April 11, 2008

Blogging while white

One of the funniest guys on the Milwaukee internets is John McAdams, who is apparently a professor of political science at Marquette University. McAdams tells the tale of a philosophy student being "forced" to apologize by his instructor for comments made during a class discussion on law enforcement and ethnicity.

Personally, I don't think university instructors should "force" students to apologize for comments made during class discussions, if that is really what happened.

I remember a discussion in one of my own political science classes at the University of Wisconsin-Milwaukee a few years ago during which a student insisted that gay people were really heterosexual, and that homosexuality was a deliberate and conscious choice on their part. I remarked that if that were true, then I would have chosen it back when I was about 15, because I would have gotten laid a hell of a lot more (since anything is more than none).
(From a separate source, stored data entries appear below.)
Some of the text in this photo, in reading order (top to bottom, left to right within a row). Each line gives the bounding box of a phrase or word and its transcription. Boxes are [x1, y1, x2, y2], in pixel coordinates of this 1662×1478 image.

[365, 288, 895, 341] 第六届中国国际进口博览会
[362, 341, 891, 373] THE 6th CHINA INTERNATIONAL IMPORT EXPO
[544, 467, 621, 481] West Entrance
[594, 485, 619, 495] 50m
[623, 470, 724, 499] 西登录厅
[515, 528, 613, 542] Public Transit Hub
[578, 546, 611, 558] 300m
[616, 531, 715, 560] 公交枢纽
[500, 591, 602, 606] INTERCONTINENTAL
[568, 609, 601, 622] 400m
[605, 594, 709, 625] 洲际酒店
When the laughter had died down (which was what I was after, obviously, humor being often the best means to the end of making a point), the instructor chastised me mildly for implying that gay people were more promiscuous than any other group, and that I was reinforcing an invidious stereotype. Of course I was aware of that already, and that was indeed part of the joke. And I'm sure those laughing the heartiest were the gay students in the class.

Anyway, the hapless McAdams can barely get through three paragraphs without contradicting himself. First the "forced" apology becomes a "suggested" one. Then McAdams gives away the game by revealing a little agenda of his own, in that his central defense of the student in question turns on the McAdams-endorsed truism that the "truculent attitudes of many minorities are part of the problem."
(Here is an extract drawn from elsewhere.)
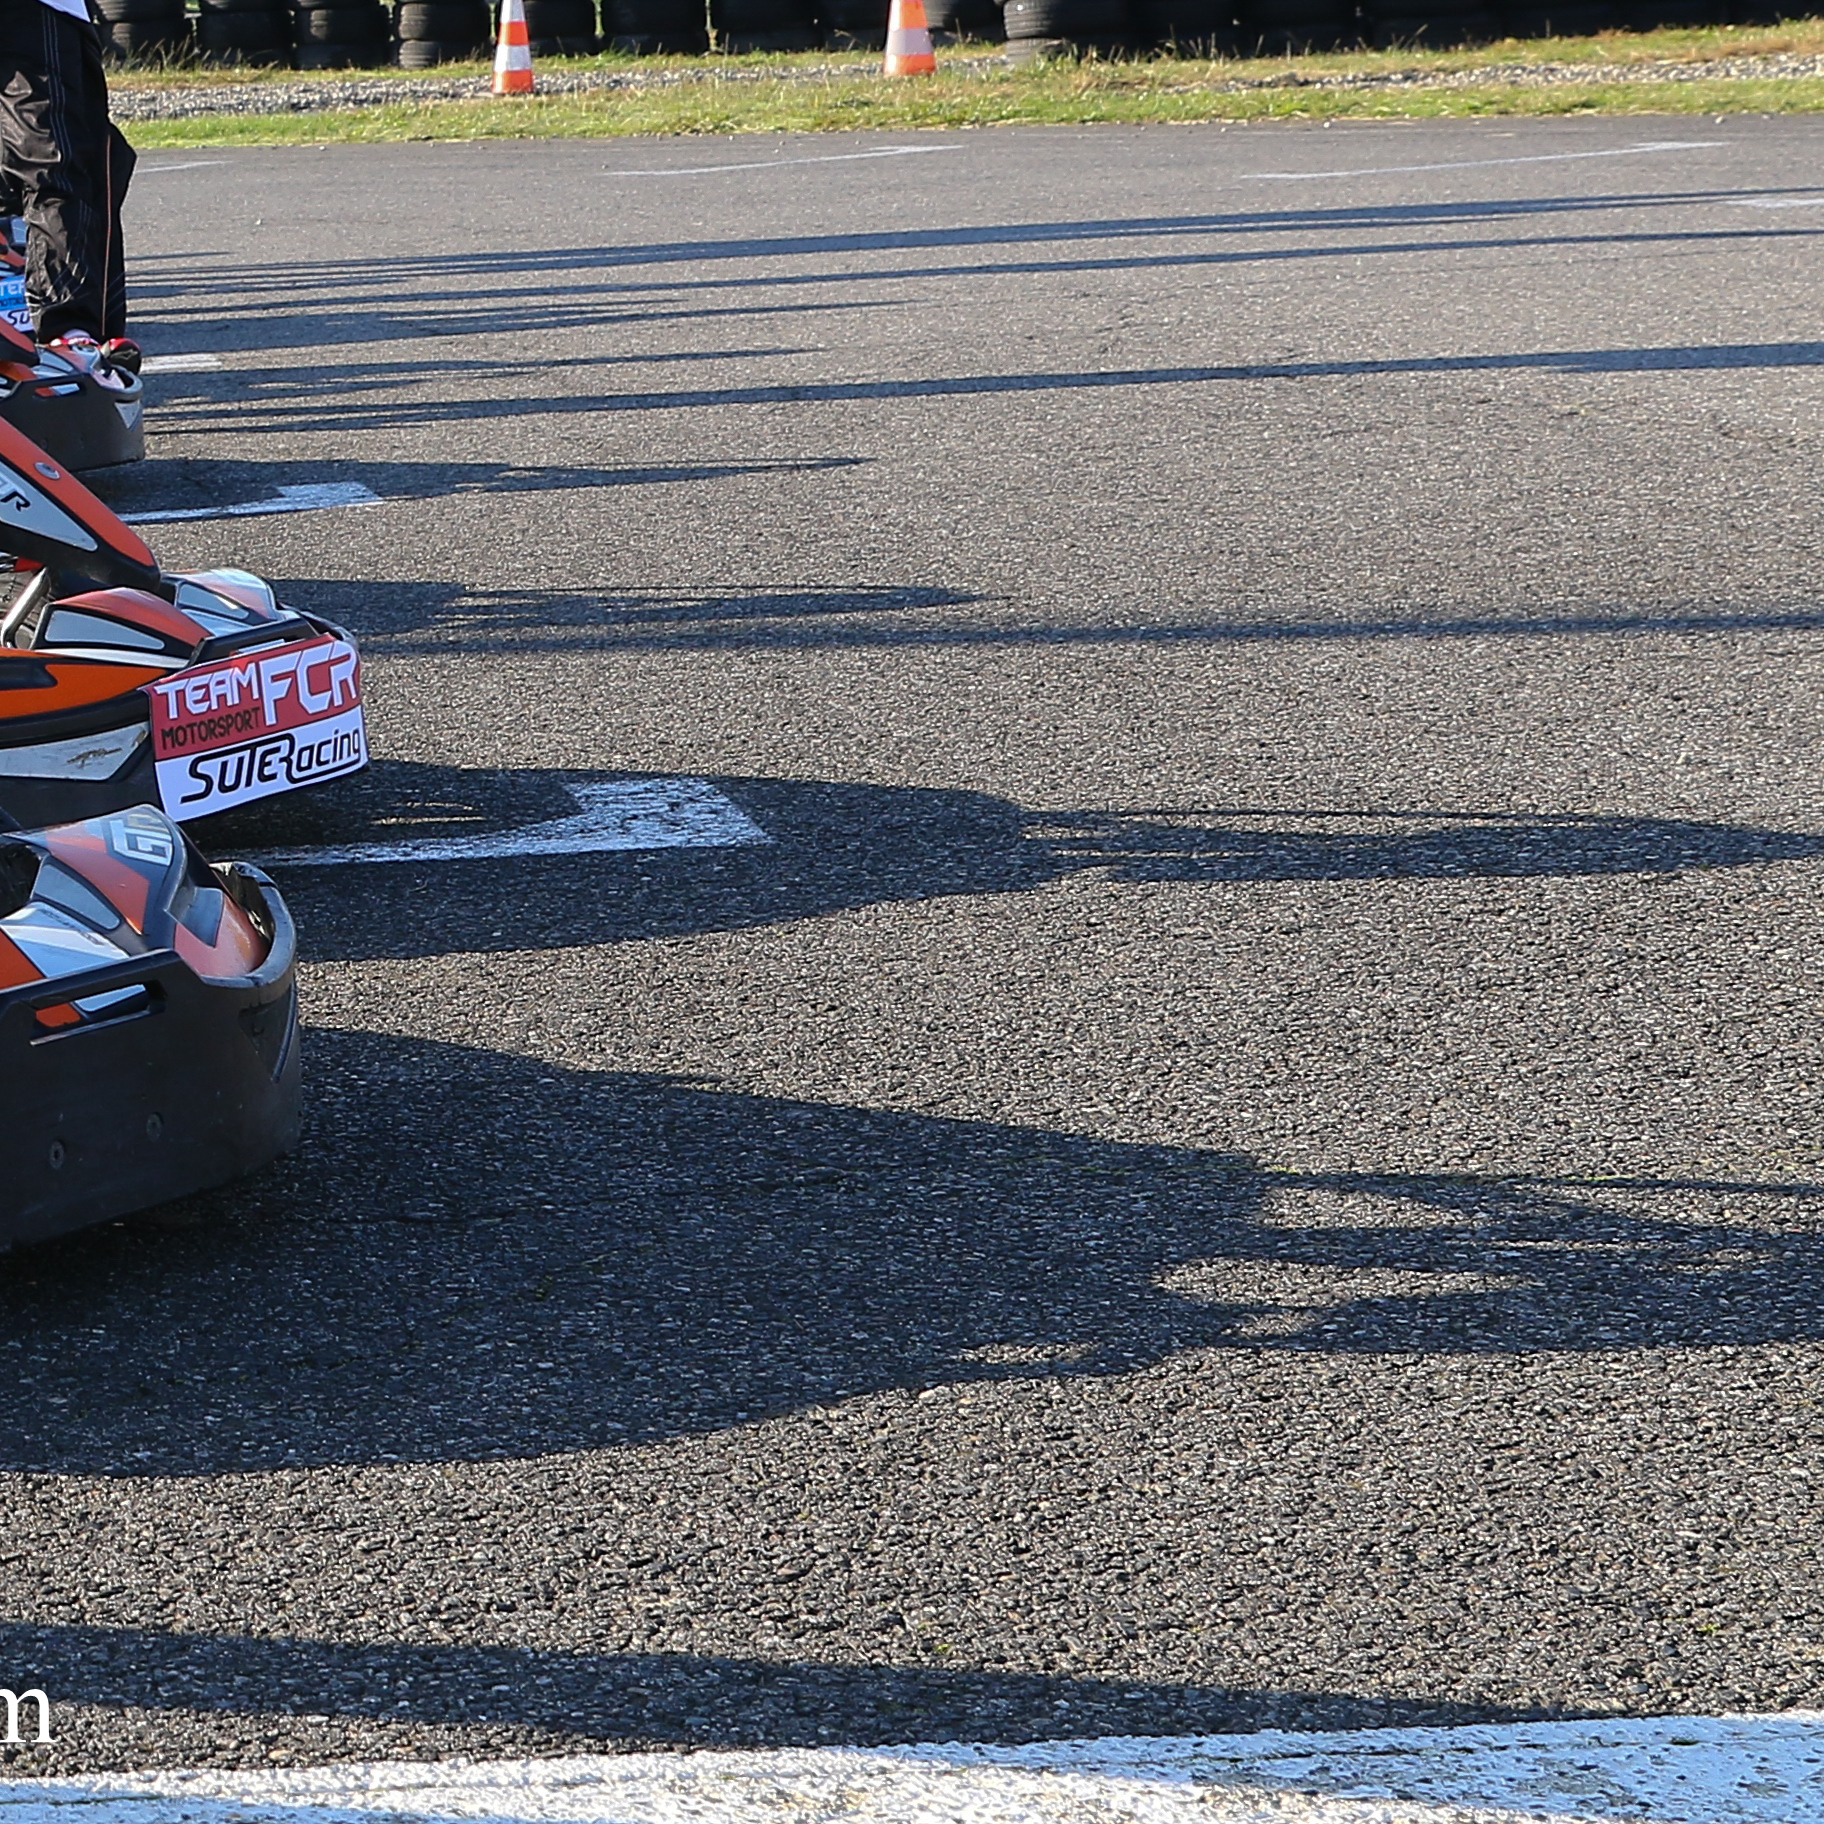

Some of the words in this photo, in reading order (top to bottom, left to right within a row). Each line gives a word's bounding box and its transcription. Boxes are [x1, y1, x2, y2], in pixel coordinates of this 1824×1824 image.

[154, 663, 260, 720] TEAM
[259, 640, 358, 726] FCR
[161, 707, 261, 751] MOTORSPORT
Quips McAdams parenthetically:
Two of the blacks in class complained about how they had been stopped because of their race (although they had not been asked to get out of their cars, had not been ticketed and their cars had not been searched).
Well, hey, ain't nothing wrong with getting pinched for driving while black, so long as the cops don't shoot 'em, eh Perfesser?

Why anybody takes this character seriously is a complete mystery to me. One who does, predictably, is local vocal yokel and obnoxious crusader for (almost) all things "politically incorrect," Charlie Sykes, who this morning labels McAdams's poorly disguised tribute to our munificent Caucasian overlords as today's "hot read."

It's a hot read alright — for the yuks.

4 comments:

Anonymous said...

McAdams is all over the implicit power structures and implicatures associated with a prof suggesting that a student apologize.

But cops stopping ethnic minority drivers over "traffic violations"? Why, only one of those ("many") truculent minorities could read racism or abuse of power into that!

Whereby we learn that a recognition of situational power and context isn't actually beyond the ken of the howler monkeys. It's just more conveniently ignored when it doesn't shore up the Articles of Faith.

illusory tenant said...

An excellent point of irony. Well spotted.

Display Name said...

Or as Woody put it, it would double your chances of finding a date.

I wonder which "other accounts" McAdams gathered. Would it be safe to assume he didn't talk to the blacks and Hispanics, because he didn't mention any cross-examination of their point of view?

Anonymous said...

IF this is discrimination then we need to immortalize McAdams for standing up. Let's hold a parade and place him among Rosa Parks, Martin Luther King, and Moses.

Do Marquette Students really not have anything better to do?